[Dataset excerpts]
%%
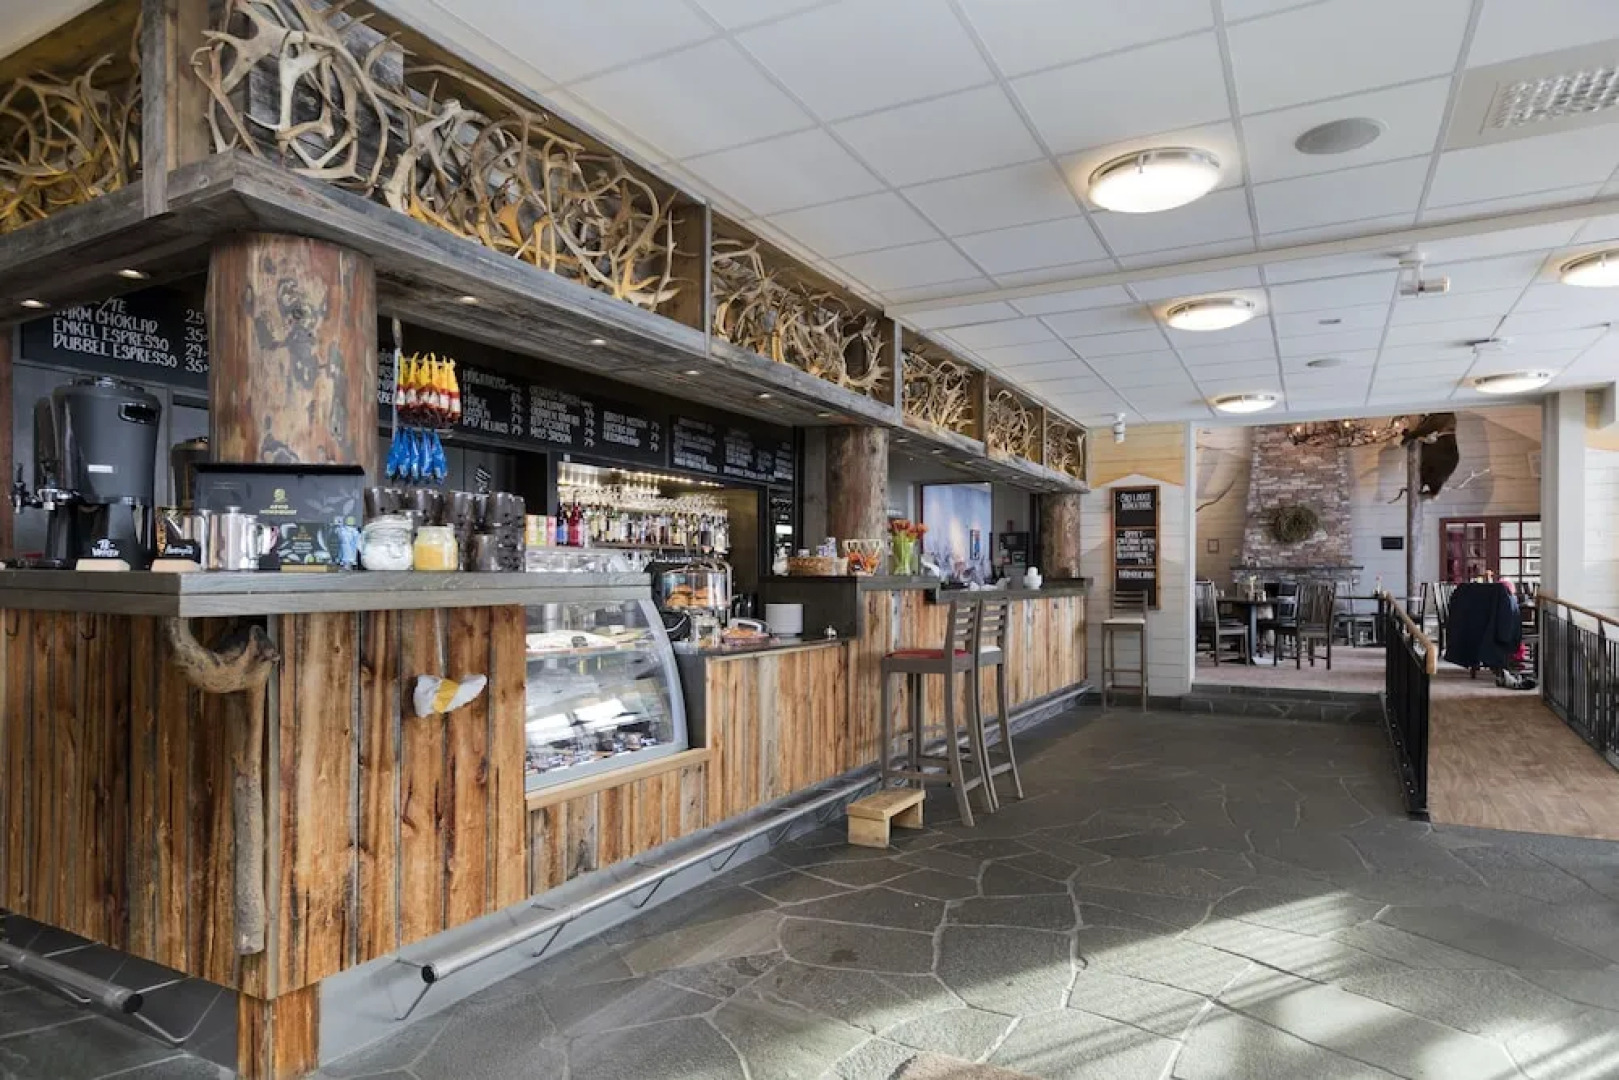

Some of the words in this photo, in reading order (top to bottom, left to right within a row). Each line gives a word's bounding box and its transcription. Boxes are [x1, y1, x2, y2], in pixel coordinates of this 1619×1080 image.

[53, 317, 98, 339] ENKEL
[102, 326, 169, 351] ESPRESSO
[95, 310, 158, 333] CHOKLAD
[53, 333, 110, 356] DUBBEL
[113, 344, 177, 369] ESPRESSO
%%
%%
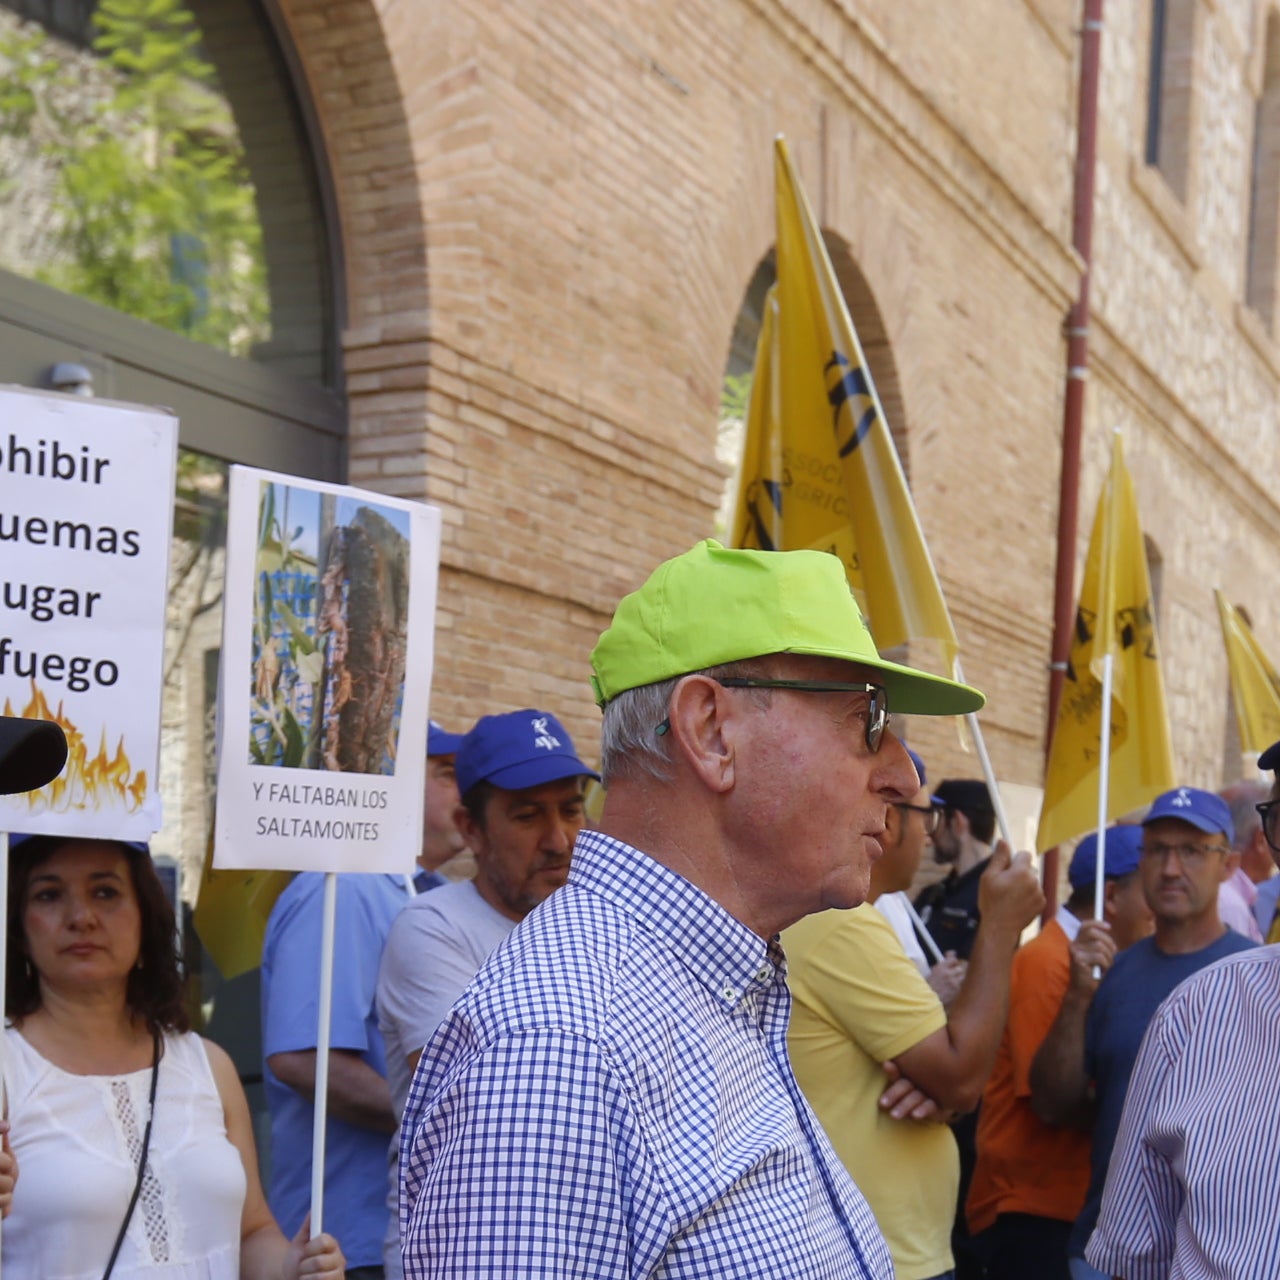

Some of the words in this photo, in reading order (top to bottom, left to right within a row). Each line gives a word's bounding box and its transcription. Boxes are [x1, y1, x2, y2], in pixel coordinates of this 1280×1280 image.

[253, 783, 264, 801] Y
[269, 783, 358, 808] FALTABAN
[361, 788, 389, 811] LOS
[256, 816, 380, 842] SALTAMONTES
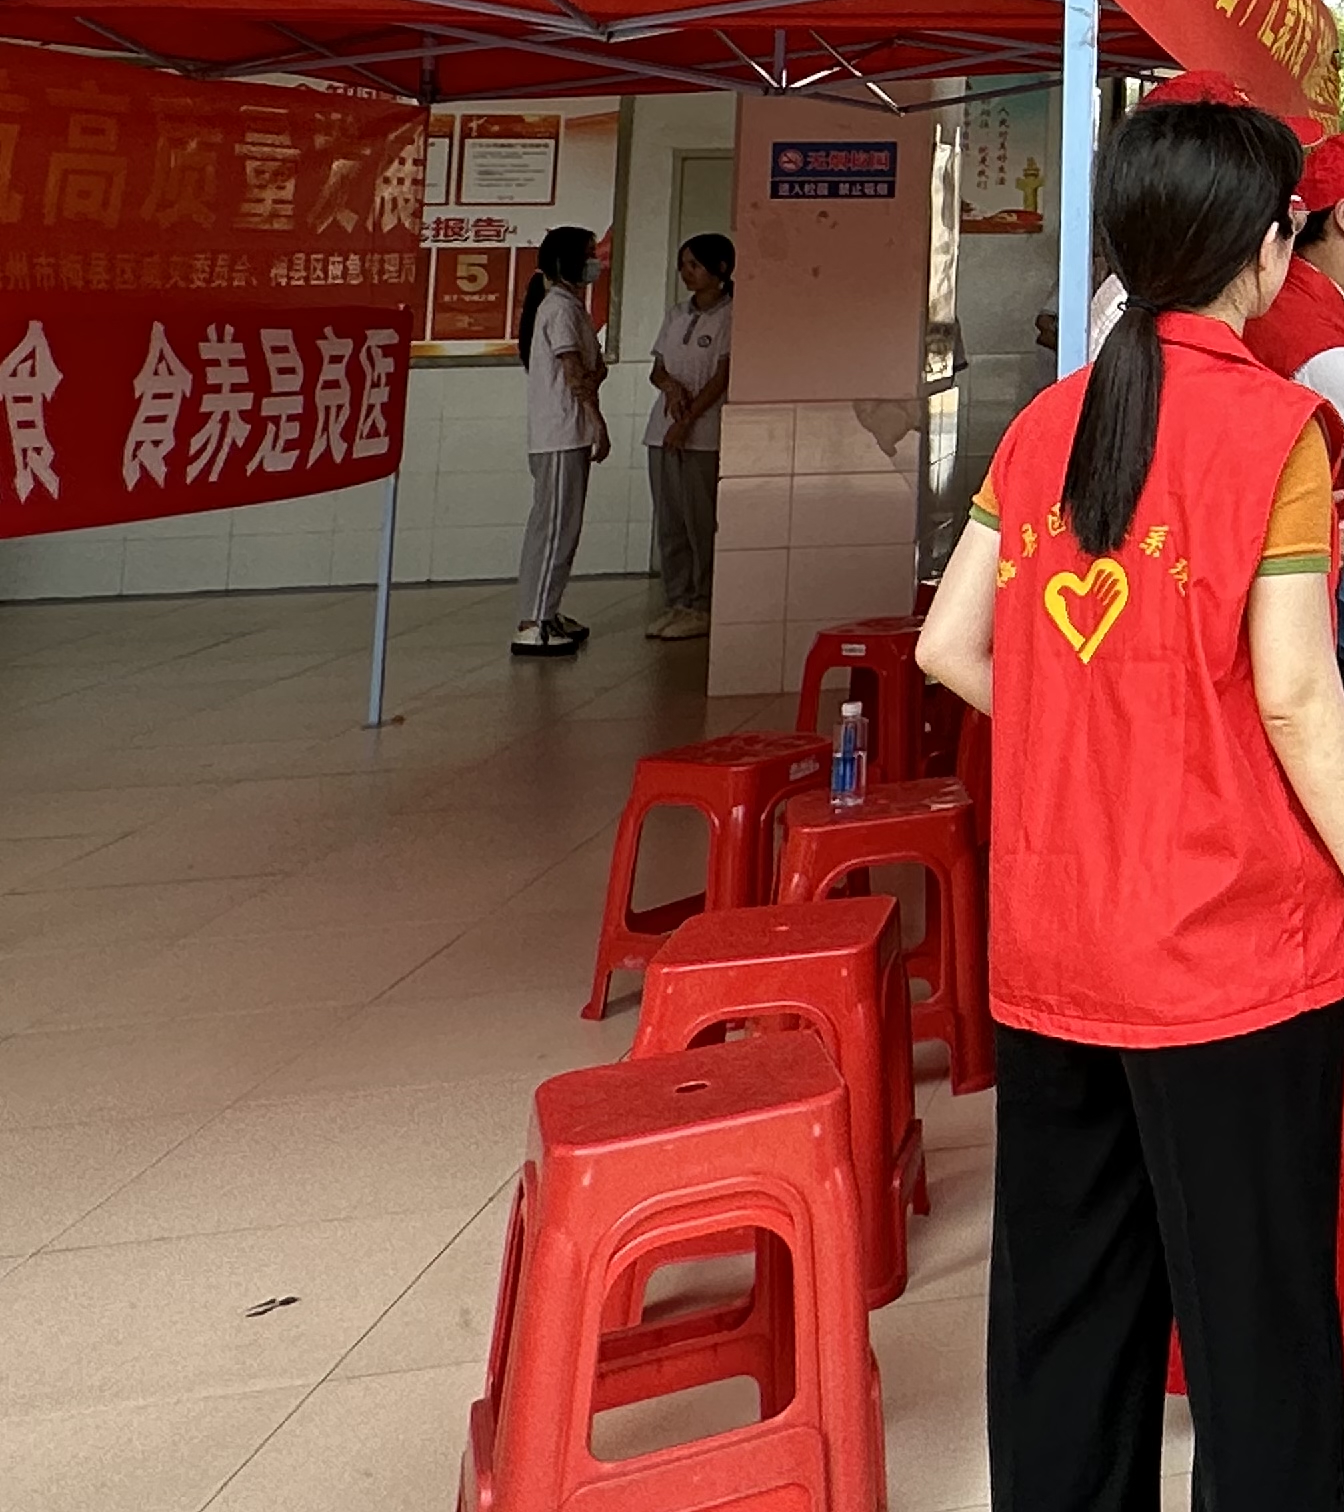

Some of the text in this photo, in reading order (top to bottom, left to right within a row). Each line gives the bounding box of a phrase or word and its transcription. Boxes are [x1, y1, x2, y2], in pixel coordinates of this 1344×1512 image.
%%
Exercise requirements » Each line between the one holding "this 1280×1280 image." and the one holding "Some of the text", inclusive, should be copied exactly as it appears above, and pictures should be omitted.

Solution to the problem »
Some of the words in this photo, in reading order (top to bottom, left to right within a row). Each line gives a word's bounding box and its transcription. Boxes are [x1, y1, x2, y2], in pixel coordinates of this 1280×1280 image.

[253, 783, 264, 801] Y
[269, 783, 358, 808] FALTABAN
[361, 788, 389, 811] LOS
[256, 816, 380, 842] SALTAMONTES

Some of the text in this photo, in reading order (top to bottom, left to right within a row). Each line gives the bounding box of a phrase or word and its transcription. Boxes are [x1, y1, x2, y2], in pixel coordinates of this 1344×1512 image.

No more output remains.